Data extracted from a collection:
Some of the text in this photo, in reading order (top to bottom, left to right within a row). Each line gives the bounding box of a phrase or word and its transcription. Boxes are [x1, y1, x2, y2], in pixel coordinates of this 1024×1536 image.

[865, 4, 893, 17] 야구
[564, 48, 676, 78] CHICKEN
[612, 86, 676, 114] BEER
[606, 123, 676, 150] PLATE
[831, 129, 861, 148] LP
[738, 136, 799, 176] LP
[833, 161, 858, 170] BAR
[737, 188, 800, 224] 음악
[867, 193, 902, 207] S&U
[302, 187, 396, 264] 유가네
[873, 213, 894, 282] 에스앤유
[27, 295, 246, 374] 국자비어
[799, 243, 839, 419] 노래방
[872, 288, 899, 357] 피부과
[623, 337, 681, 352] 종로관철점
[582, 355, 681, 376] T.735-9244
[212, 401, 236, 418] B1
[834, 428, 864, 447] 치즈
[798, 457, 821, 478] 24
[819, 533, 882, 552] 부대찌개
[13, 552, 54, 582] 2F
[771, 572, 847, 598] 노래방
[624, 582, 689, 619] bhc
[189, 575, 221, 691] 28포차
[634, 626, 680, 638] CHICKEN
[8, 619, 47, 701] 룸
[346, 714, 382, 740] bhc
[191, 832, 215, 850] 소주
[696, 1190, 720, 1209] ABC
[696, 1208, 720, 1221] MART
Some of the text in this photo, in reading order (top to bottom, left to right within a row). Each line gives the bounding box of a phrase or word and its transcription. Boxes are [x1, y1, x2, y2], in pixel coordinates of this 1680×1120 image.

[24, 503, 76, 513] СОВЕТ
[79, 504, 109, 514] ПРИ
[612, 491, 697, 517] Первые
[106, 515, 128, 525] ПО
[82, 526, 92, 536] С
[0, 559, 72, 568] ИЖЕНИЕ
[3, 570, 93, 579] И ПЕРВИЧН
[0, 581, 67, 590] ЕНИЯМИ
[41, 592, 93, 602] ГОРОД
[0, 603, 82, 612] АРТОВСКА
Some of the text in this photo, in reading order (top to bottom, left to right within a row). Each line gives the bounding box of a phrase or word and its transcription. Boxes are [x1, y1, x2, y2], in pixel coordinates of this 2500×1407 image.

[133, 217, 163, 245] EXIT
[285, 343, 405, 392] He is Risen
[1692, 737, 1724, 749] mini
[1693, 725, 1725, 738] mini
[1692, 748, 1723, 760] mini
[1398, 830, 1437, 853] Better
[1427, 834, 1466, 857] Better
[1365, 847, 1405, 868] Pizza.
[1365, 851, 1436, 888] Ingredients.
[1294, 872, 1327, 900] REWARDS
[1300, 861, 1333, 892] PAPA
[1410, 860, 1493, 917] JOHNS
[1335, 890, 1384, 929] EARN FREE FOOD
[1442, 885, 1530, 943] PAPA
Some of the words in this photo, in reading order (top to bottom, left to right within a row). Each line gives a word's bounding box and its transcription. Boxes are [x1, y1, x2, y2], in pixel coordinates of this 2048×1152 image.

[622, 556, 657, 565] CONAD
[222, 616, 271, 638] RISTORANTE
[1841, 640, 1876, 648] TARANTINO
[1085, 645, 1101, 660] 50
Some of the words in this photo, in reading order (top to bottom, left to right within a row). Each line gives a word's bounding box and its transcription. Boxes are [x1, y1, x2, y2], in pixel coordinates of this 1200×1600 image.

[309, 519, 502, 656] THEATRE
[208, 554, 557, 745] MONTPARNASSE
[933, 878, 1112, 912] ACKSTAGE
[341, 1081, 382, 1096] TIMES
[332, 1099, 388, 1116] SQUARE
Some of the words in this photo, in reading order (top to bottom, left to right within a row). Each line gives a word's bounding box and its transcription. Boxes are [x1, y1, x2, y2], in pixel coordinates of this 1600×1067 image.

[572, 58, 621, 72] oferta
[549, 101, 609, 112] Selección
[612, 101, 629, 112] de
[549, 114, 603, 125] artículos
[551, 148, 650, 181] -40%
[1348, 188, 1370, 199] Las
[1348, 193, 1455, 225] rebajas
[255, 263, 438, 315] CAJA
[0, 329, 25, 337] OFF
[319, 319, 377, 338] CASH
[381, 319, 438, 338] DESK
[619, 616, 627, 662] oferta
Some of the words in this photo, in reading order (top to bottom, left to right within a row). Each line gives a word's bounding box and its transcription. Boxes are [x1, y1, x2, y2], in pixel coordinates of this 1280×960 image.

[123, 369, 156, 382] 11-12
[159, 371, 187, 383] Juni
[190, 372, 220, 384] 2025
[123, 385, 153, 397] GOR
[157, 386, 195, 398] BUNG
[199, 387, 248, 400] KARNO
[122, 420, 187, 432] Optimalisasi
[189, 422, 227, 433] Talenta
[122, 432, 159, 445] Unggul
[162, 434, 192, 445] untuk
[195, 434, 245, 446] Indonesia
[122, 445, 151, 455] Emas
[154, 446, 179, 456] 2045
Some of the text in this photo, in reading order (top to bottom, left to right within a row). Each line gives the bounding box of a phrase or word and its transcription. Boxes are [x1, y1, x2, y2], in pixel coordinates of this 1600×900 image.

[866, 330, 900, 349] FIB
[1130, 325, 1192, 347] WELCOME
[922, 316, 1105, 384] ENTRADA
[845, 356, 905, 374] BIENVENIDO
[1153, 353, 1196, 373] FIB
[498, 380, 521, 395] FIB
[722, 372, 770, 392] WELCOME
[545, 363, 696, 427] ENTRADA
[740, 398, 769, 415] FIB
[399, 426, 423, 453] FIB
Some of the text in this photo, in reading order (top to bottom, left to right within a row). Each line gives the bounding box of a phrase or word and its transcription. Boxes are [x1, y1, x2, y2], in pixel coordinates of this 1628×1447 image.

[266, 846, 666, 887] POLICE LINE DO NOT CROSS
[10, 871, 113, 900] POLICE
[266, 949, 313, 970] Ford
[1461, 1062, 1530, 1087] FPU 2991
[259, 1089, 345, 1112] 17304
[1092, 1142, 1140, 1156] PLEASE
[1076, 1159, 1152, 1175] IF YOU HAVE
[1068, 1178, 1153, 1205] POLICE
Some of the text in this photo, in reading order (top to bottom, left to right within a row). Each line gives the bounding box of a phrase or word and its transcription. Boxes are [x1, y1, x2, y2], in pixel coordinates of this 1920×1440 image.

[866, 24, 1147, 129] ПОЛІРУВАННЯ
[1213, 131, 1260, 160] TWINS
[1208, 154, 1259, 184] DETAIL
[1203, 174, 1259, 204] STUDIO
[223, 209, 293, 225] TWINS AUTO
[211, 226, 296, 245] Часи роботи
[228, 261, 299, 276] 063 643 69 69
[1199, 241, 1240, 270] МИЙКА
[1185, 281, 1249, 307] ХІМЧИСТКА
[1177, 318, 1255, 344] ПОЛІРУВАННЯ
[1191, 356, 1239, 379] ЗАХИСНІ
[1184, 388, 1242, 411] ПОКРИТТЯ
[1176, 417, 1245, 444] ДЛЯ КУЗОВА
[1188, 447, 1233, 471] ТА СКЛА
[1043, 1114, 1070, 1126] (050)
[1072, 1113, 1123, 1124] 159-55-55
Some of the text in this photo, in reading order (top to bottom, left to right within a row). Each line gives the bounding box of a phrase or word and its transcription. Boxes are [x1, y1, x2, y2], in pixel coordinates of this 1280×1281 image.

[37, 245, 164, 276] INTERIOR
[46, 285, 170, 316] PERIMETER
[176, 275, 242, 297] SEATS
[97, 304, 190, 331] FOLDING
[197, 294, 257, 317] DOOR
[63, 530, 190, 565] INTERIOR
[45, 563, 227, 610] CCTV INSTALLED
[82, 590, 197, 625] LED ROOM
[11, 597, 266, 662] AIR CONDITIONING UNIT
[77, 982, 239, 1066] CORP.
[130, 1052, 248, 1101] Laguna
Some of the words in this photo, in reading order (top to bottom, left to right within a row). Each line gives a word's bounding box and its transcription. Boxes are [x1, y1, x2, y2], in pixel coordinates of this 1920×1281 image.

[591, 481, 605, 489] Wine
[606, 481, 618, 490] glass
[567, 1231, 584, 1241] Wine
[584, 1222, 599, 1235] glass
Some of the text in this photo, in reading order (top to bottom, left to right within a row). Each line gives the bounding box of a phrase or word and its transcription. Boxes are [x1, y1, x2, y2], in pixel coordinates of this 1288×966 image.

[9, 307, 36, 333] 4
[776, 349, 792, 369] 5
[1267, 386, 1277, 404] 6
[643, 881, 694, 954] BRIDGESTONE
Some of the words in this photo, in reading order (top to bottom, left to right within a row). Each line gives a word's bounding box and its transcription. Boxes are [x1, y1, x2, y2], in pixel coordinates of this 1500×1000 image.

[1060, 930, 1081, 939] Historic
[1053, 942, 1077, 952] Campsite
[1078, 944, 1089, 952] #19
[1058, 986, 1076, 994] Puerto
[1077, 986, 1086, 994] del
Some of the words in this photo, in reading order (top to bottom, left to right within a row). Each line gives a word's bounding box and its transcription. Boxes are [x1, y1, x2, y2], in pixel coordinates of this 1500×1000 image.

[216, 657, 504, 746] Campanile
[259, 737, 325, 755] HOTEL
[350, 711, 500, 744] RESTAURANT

→ Exercise instructions
Would you please copy the lines above, from the one holding "this 1920×1281 image." through the last, and nothing else?

→ Task solution
Some of the words in this photo, in reading order (top to bottom, left to right within a row). Each line gives a word's bounding box and its transcription. Boxes are [x1, y1, x2, y2], in pixel coordinates of this 1920×1281 image.

[591, 481, 605, 489] Wine
[606, 481, 618, 490] glass
[567, 1231, 584, 1241] Wine
[584, 1222, 599, 1235] glass
Some of the text in this photo, in reading order (top to bottom, left to right within a row). Each line gives the bounding box of a phrase or word and its transcription. Boxes are [x1, y1, x2, y2], in pixel coordinates of this 1288×966 image.

[9, 307, 36, 333] 4
[776, 349, 792, 369] 5
[1267, 386, 1277, 404] 6
[643, 881, 694, 954] BRIDGESTONE
Some of the words in this photo, in reading order (top to bottom, left to right within a row). Each line gives a word's bounding box and its transcription. Boxes are [x1, y1, x2, y2], in pixel coordinates of this 1500×1000 image.

[1060, 930, 1081, 939] Historic
[1053, 942, 1077, 952] Campsite
[1078, 944, 1089, 952] #19
[1058, 986, 1076, 994] Puerto
[1077, 986, 1086, 994] del
Some of the words in this photo, in reading order (top to bottom, left to right within a row). Each line gives a word's bounding box and its transcription. Boxes are [x1, y1, x2, y2], in pixel coordinates of this 1500×1000 image.

[216, 657, 504, 746] Campanile
[259, 737, 325, 755] HOTEL
[350, 711, 500, 744] RESTAURANT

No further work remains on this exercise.